ASSIGNED TASK.
Transcribe every entry below word for word, but skip the pictures.

SUPPLIED RECORDS.
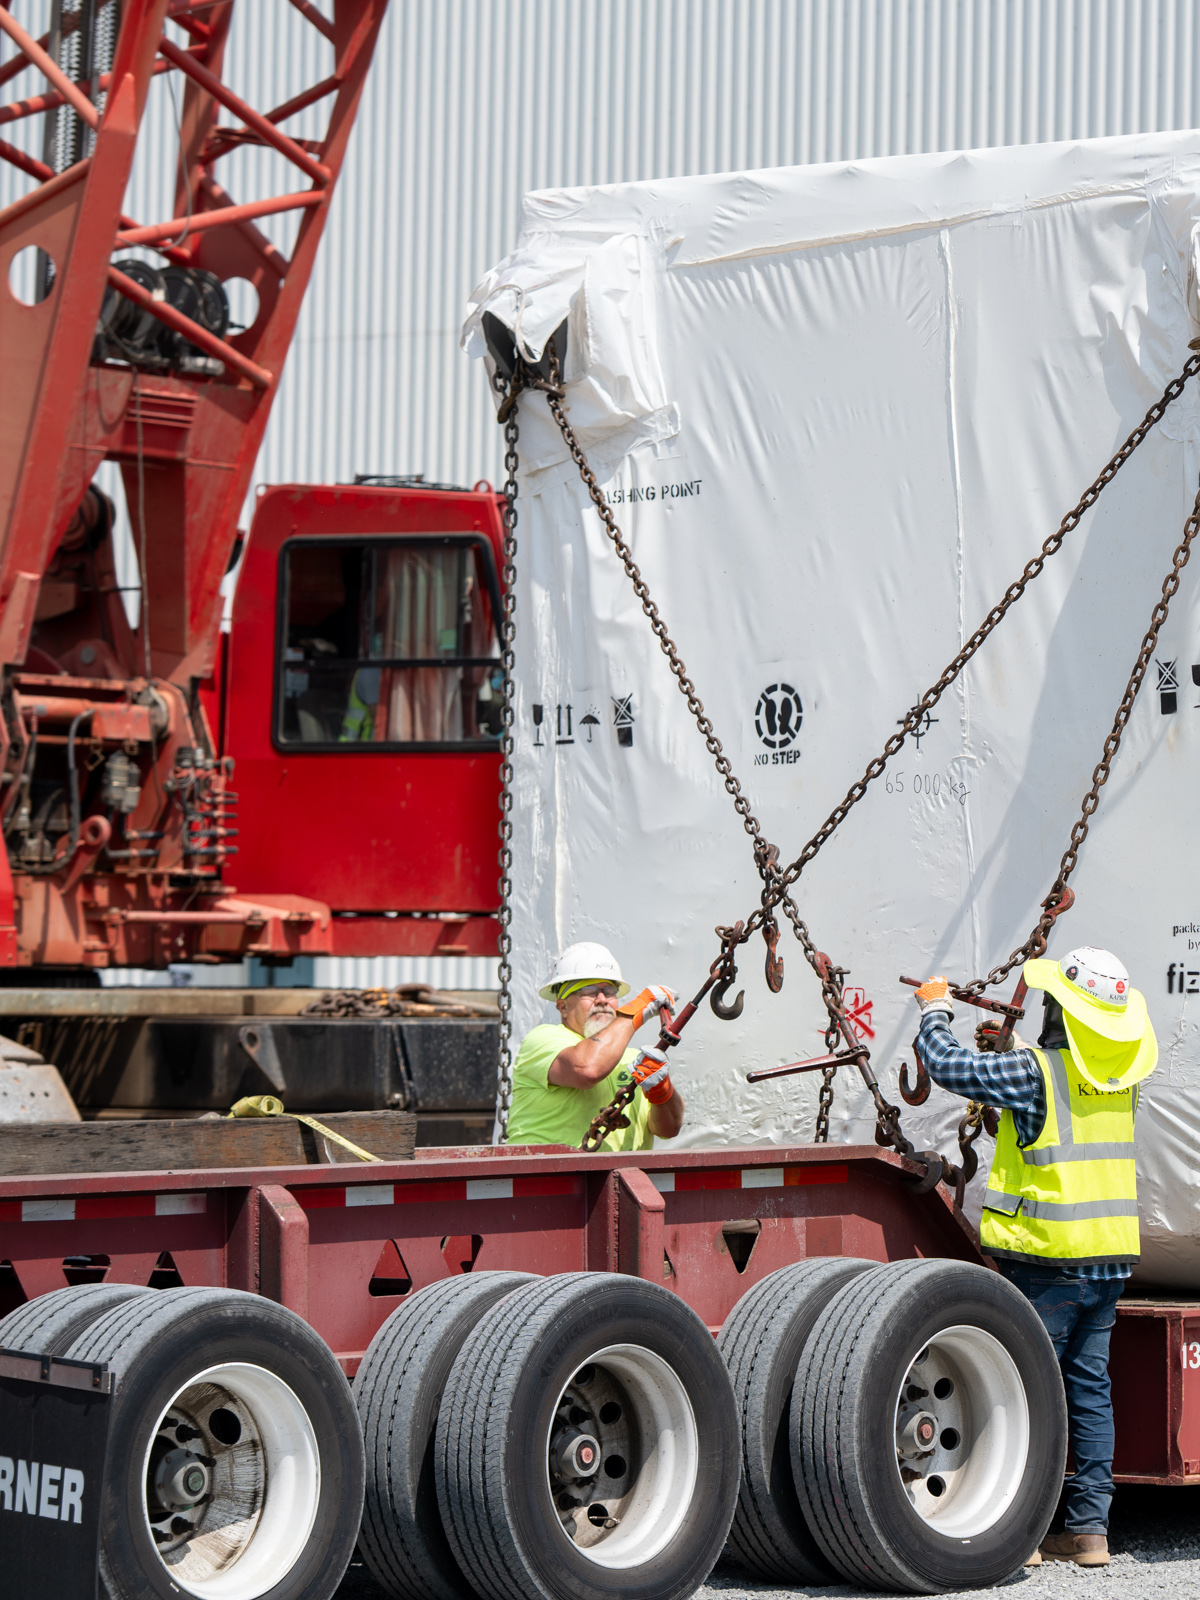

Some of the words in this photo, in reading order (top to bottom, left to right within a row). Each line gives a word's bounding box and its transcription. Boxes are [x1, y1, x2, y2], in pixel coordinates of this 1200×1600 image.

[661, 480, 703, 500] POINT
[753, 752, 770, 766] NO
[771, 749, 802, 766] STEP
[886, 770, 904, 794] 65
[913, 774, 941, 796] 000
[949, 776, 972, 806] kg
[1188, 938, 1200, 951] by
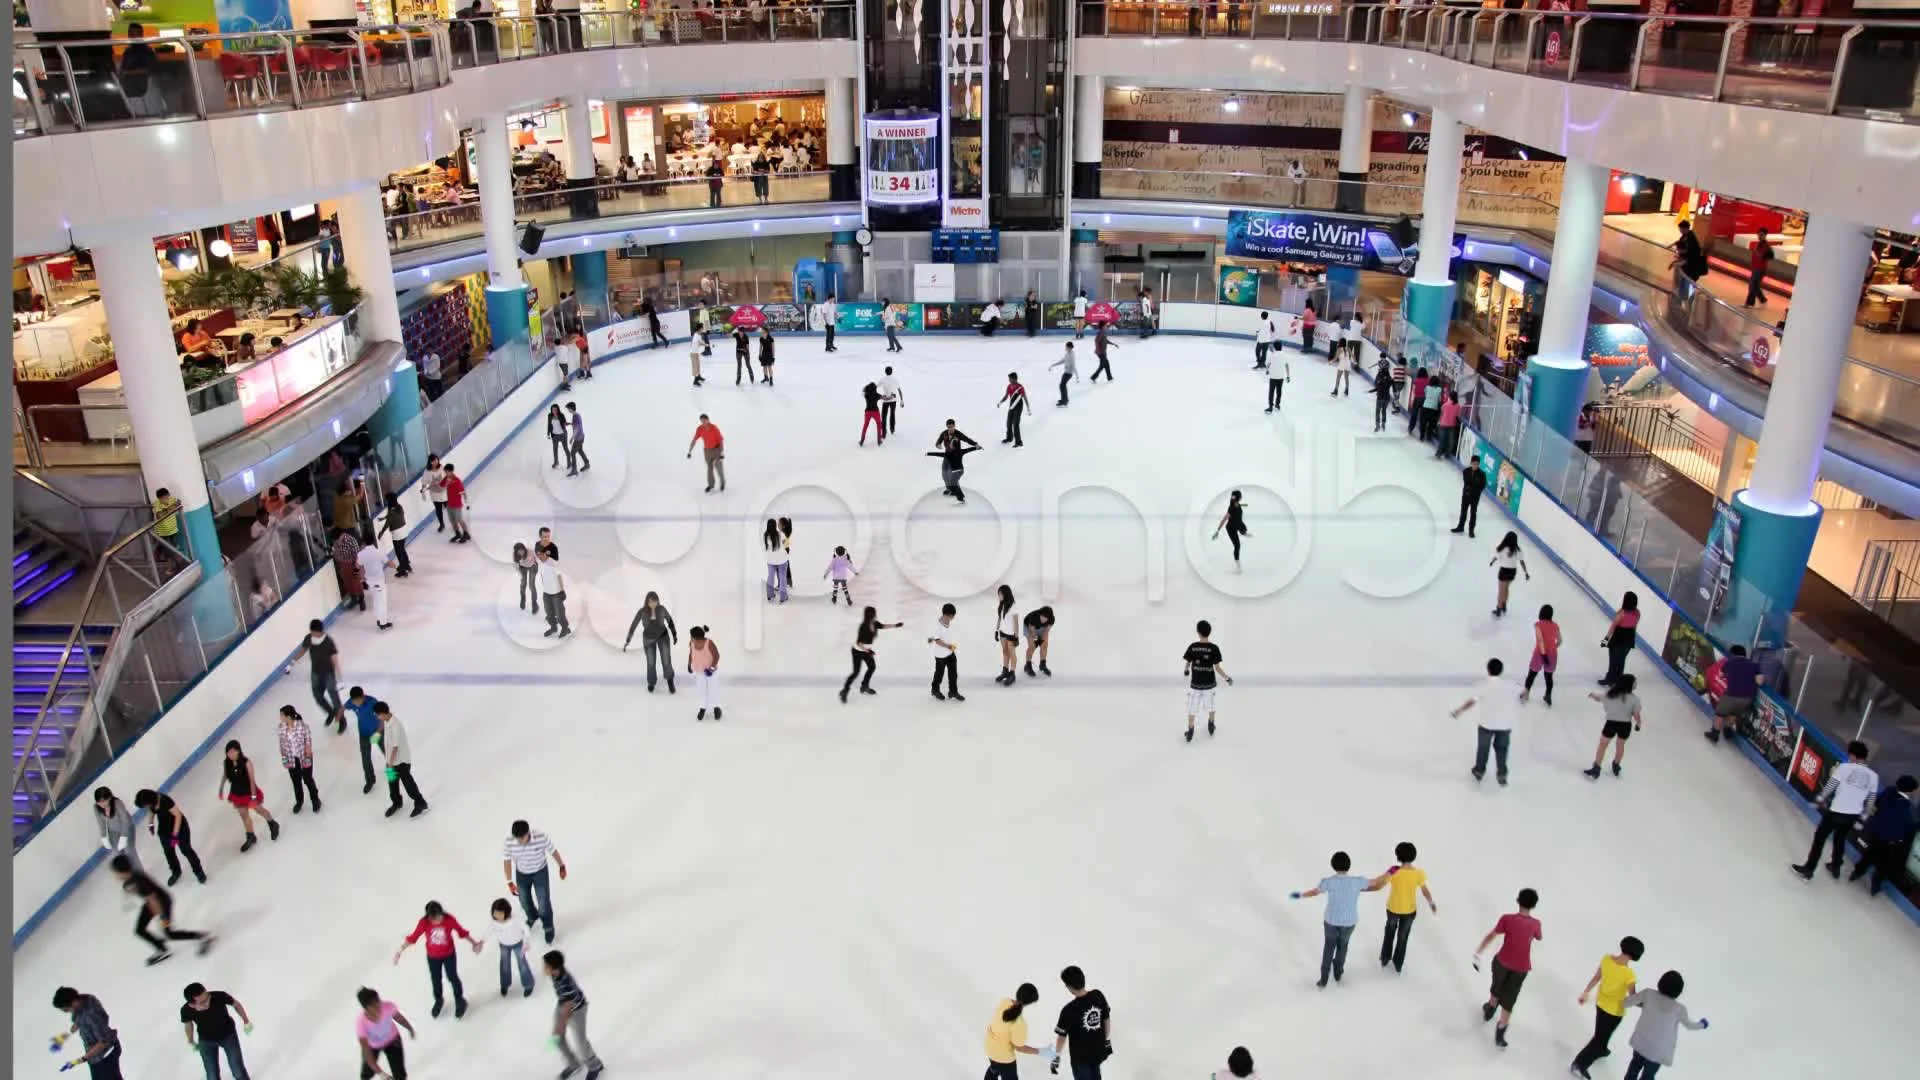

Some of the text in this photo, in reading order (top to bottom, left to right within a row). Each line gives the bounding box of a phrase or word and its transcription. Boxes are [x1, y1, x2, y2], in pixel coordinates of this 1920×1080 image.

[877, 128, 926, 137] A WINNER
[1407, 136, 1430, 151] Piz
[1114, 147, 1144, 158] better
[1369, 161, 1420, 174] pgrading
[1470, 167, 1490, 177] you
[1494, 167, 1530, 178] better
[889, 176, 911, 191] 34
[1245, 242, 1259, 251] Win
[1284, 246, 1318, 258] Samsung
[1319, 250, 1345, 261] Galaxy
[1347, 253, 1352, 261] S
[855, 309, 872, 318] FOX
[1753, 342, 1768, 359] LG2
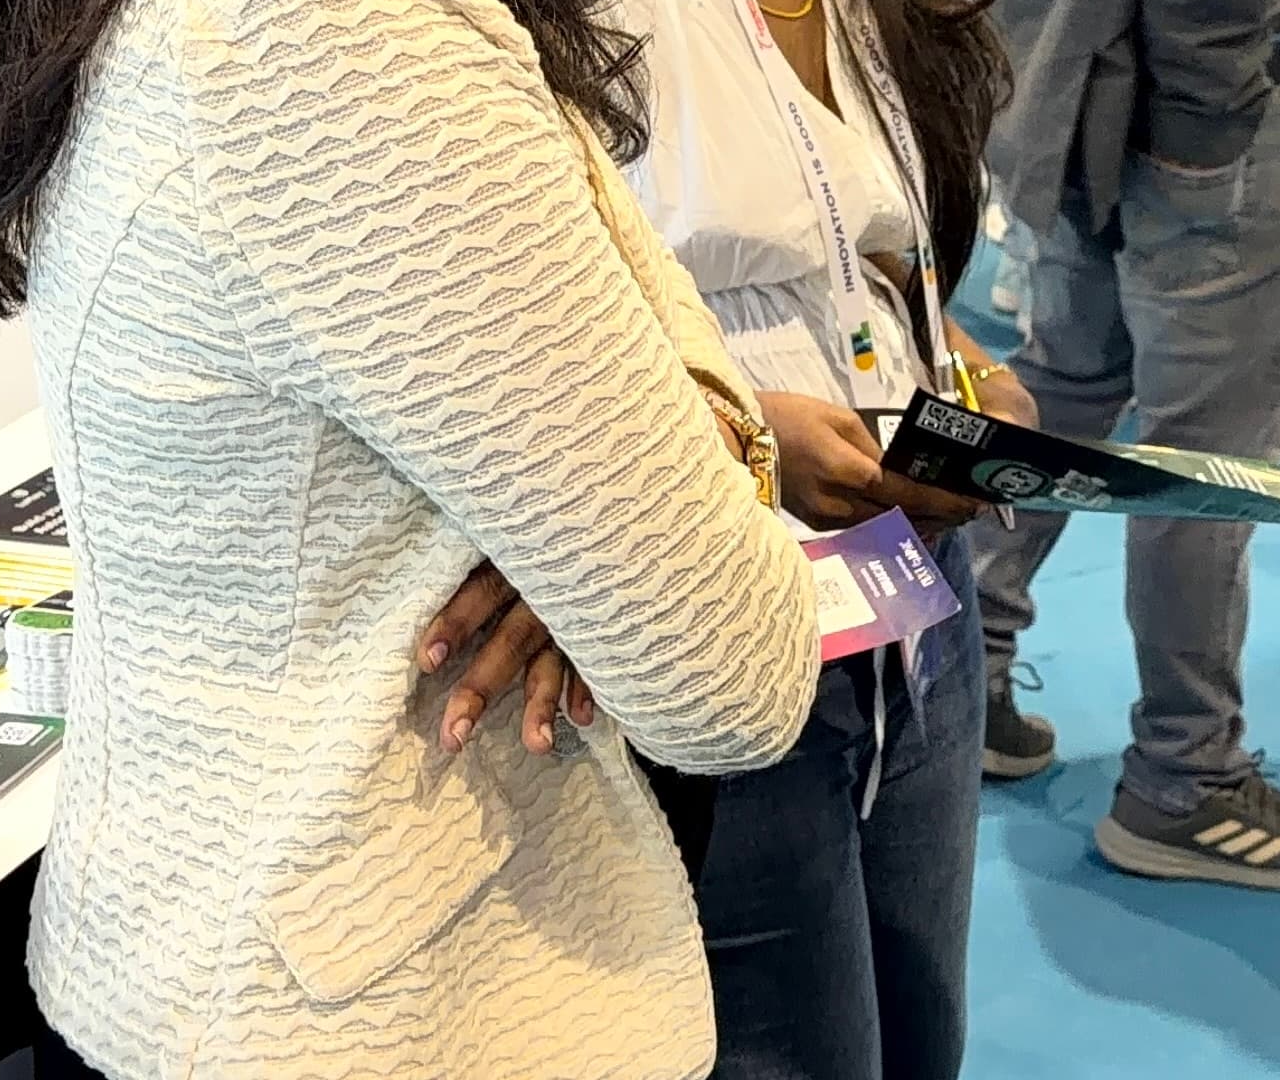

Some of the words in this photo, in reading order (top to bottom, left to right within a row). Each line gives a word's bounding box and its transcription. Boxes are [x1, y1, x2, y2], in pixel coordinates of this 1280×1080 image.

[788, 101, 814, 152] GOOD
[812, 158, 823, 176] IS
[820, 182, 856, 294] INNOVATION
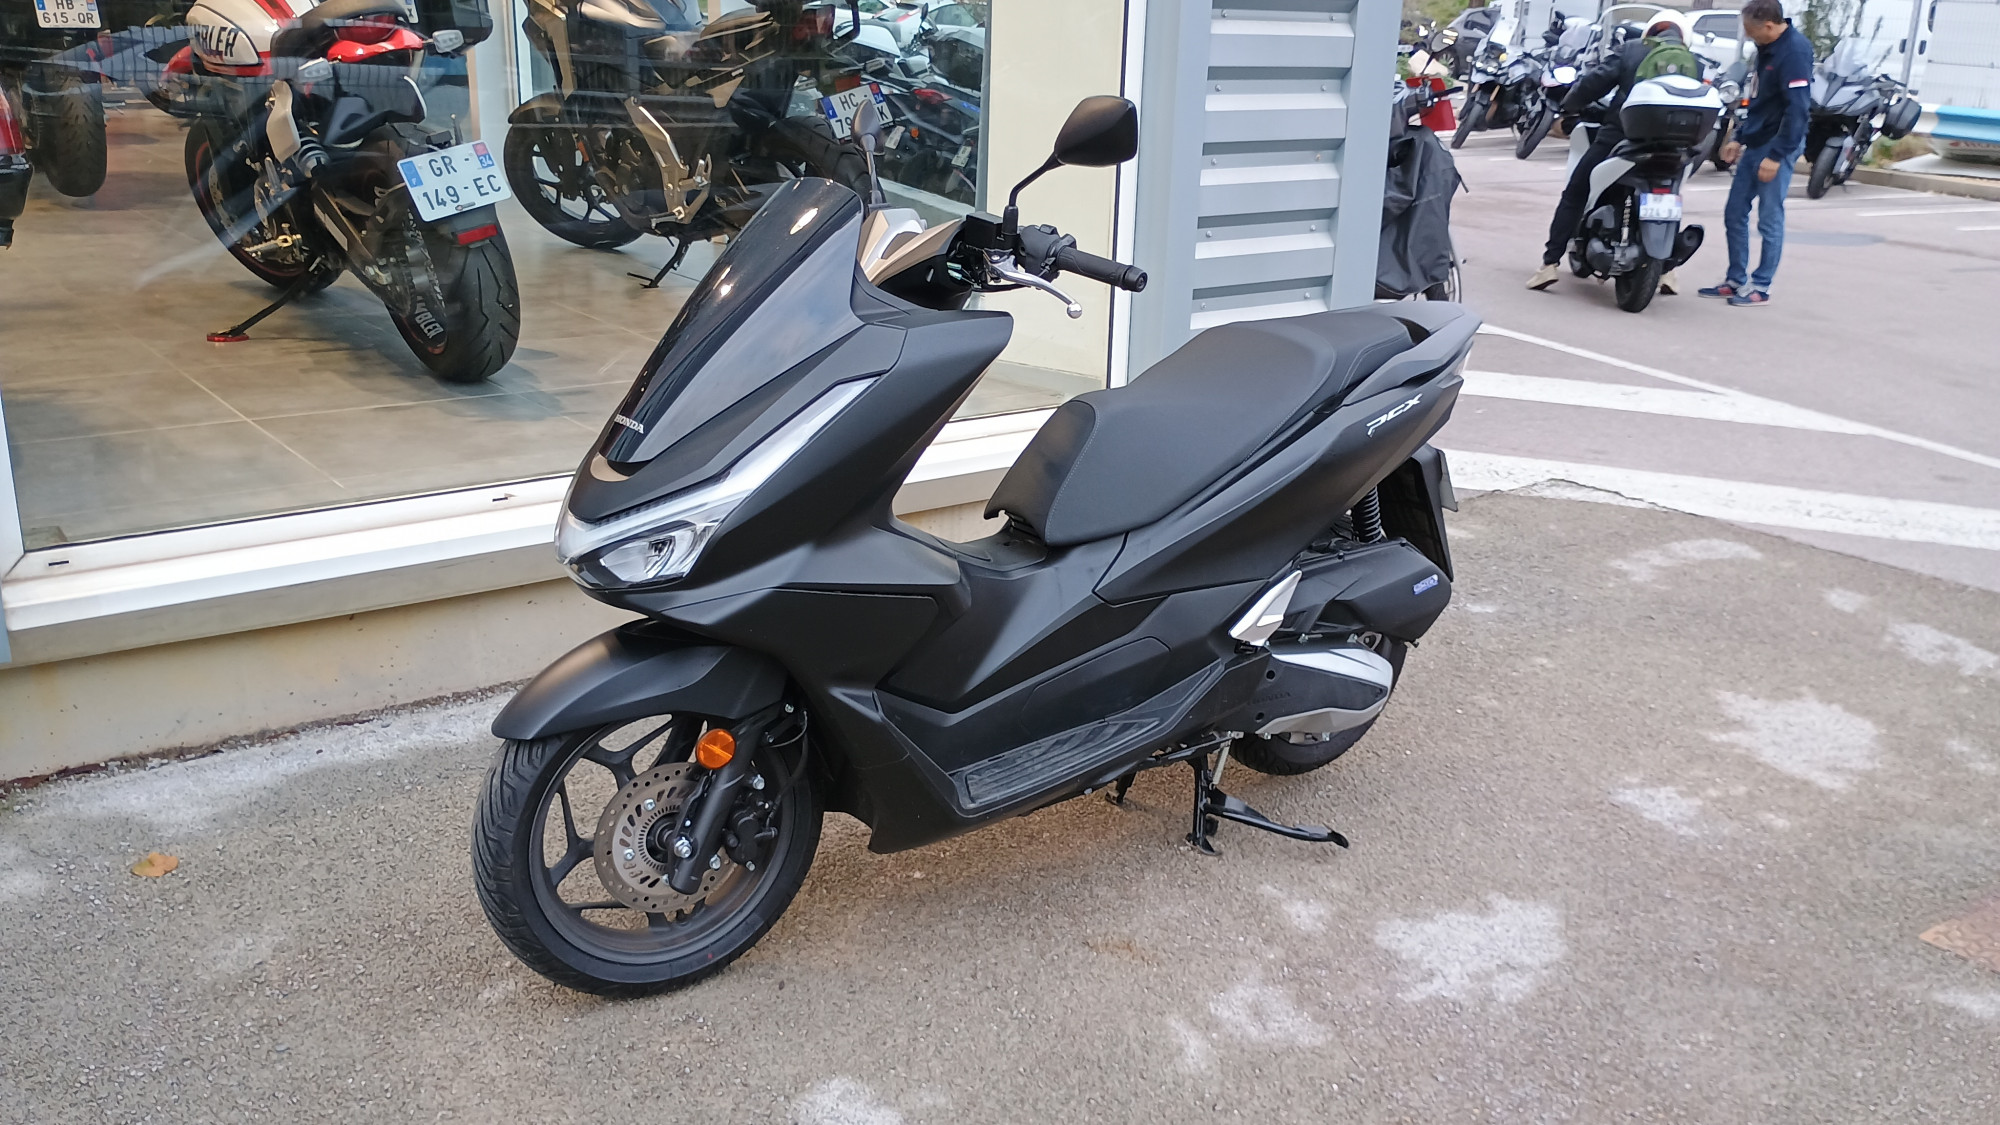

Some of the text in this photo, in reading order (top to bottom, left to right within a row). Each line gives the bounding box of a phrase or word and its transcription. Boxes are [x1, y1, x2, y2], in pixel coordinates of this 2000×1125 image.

SOLUTION FOR THIS TASK.
Some of the words in this photo, in reading order (top to bottom, left to right within a row). Each line gives a word's bounding box and its transcription. Boxes are [x1, y1, x2, y2], in pixel coordinates of this 1200×1600 image.

[661, 480, 703, 500] POINT
[753, 752, 770, 766] NO
[771, 749, 802, 766] STEP
[886, 770, 904, 794] 65
[913, 774, 941, 796] 000
[949, 776, 972, 806] kg
[1188, 938, 1200, 951] by

Some of the text in this photo, in reading order (top to bottom, left to right within a row). Each line gives the bounding box of a phrase or word and its transcription. Boxes are [x1, y1, x2, y2], in pixel coordinates of this 1920×1080 image.

[877, 128, 926, 137] A WINNER
[1407, 136, 1430, 151] Piz
[1114, 147, 1144, 158] better
[1369, 161, 1420, 174] pgrading
[1470, 167, 1490, 177] you
[1494, 167, 1530, 178] better
[889, 176, 911, 191] 34
[1245, 242, 1259, 251] Win
[1284, 246, 1318, 258] Samsung
[1319, 250, 1345, 261] Galaxy
[1347, 253, 1352, 261] S
[855, 309, 872, 318] FOX
[1753, 342, 1768, 359] LG2

Some of the words in this photo, in reading order (top to bottom, left to right within a row). Each line gives a word's bounding box and its transcription. Boxes are [x1, y1, x2, y2], in pixel coordinates of this 1280×1080 image.

[788, 101, 814, 152] GOOD
[812, 158, 823, 176] IS
[820, 182, 856, 294] INNOVATION

Some of the text in this photo, in reading order (top to bottom, left to right within a row). Each line gives the bounding box of a phrase or word and its transcription. Boxes are [x1, y1, x2, y2], in pixel coordinates of this 2000×1125 image.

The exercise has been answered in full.